Instructions to follow »
What is needed is an exact copy of every entry below.

:: Extracted material ::

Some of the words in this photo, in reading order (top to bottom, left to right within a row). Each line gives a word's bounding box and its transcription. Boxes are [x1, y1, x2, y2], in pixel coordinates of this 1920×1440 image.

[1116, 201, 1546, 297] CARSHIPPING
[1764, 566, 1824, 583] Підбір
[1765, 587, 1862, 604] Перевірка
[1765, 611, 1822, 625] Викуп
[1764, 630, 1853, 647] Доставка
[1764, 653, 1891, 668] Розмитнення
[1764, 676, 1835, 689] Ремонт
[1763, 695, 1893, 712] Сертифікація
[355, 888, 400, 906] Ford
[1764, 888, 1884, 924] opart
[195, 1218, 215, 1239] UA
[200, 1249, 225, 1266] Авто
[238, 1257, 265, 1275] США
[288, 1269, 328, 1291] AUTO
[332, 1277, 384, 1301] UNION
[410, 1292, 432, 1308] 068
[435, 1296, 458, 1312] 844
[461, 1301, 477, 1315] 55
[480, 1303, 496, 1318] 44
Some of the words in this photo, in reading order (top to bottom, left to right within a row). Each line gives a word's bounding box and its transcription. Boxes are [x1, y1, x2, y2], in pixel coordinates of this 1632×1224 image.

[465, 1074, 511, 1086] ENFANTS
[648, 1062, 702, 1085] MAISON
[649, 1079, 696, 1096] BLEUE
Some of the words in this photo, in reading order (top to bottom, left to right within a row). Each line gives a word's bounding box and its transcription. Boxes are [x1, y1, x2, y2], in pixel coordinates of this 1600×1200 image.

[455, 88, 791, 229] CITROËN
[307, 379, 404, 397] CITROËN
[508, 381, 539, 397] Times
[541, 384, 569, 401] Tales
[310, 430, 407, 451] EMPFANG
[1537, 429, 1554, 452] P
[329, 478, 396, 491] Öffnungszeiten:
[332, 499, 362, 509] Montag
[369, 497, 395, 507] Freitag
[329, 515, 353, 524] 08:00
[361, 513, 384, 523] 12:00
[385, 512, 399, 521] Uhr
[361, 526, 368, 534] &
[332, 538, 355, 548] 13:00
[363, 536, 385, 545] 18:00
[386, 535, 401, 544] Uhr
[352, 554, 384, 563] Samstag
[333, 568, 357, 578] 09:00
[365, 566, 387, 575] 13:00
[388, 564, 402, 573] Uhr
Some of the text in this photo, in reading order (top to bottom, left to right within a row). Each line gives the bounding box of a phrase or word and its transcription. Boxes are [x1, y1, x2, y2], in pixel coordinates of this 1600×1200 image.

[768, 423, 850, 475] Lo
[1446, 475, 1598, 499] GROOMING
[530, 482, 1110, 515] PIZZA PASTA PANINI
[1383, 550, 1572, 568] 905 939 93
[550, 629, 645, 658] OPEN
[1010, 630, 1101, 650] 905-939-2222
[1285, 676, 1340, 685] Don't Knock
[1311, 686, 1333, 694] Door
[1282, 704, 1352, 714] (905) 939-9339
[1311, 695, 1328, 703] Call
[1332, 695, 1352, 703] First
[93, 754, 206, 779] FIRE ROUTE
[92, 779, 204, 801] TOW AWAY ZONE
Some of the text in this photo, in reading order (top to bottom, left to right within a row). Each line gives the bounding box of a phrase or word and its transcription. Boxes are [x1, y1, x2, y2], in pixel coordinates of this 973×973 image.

:::

Output of the task »
Some of the words in this photo, in reading order (top to bottom, left to right within a row). Each line gives a word's bounding box and its transcription. Boxes are [x1, y1, x2, y2], in pixel coordinates of this 1920×1440 image.

[1116, 201, 1546, 297] CARSHIPPING
[1764, 566, 1824, 583] Підбір
[1765, 587, 1862, 604] Перевірка
[1765, 611, 1822, 625] Викуп
[1764, 630, 1853, 647] Доставка
[1764, 653, 1891, 668] Розмитнення
[1764, 676, 1835, 689] Ремонт
[1763, 695, 1893, 712] Сертифікація
[355, 888, 400, 906] Ford
[1764, 888, 1884, 924] opart
[195, 1218, 215, 1239] UA
[200, 1249, 225, 1266] Авто
[238, 1257, 265, 1275] США
[288, 1269, 328, 1291] AUTO
[332, 1277, 384, 1301] UNION
[410, 1292, 432, 1308] 068
[435, 1296, 458, 1312] 844
[461, 1301, 477, 1315] 55
[480, 1303, 496, 1318] 44
Some of the words in this photo, in reading order (top to bottom, left to right within a row). Each line gives a word's bounding box and its transcription. Boxes are [x1, y1, x2, y2], in pixel coordinates of this 1632×1224 image.

[465, 1074, 511, 1086] ENFANTS
[648, 1062, 702, 1085] MAISON
[649, 1079, 696, 1096] BLEUE
Some of the words in this photo, in reading order (top to bottom, left to right within a row). Each line gives a word's bounding box and its transcription. Boxes are [x1, y1, x2, y2], in pixel coordinates of this 1600×1200 image.

[455, 88, 791, 229] CITROËN
[307, 379, 404, 397] CITROËN
[508, 381, 539, 397] Times
[541, 384, 569, 401] Tales
[310, 430, 407, 451] EMPFANG
[1537, 429, 1554, 452] P
[329, 478, 396, 491] Öffnungszeiten:
[332, 499, 362, 509] Montag
[369, 497, 395, 507] Freitag
[329, 515, 353, 524] 08:00
[361, 513, 384, 523] 12:00
[385, 512, 399, 521] Uhr
[361, 526, 368, 534] &
[332, 538, 355, 548] 13:00
[363, 536, 385, 545] 18:00
[386, 535, 401, 544] Uhr
[352, 554, 384, 563] Samstag
[333, 568, 357, 578] 09:00
[365, 566, 387, 575] 13:00
[388, 564, 402, 573] Uhr
Some of the text in this photo, in reading order (top to bottom, left to right within a row). Each line gives the bounding box of a phrase or word and its transcription. Boxes are [x1, y1, x2, y2], in pixel coordinates of this 1600×1200 image.

[768, 423, 850, 475] Lo
[1446, 475, 1598, 499] GROOMING
[530, 482, 1110, 515] PIZZA PASTA PANINI
[1383, 550, 1572, 568] 905 939 93
[550, 629, 645, 658] OPEN
[1010, 630, 1101, 650] 905-939-2222
[1285, 676, 1340, 685] Don't Knock
[1311, 686, 1333, 694] Door
[1282, 704, 1352, 714] (905) 939-9339
[1311, 695, 1328, 703] Call
[1332, 695, 1352, 703] First
[93, 754, 206, 779] FIRE ROUTE
[92, 779, 204, 801] TOW AWAY ZONE
Some of the text in this photo, in reading order (top to bottom, left to right within a row). Each line gives the bounding box of a phrase or word and its transcription. Boxes are [x1, y1, x2, y2], in pixel coordinates of this 973×973 image.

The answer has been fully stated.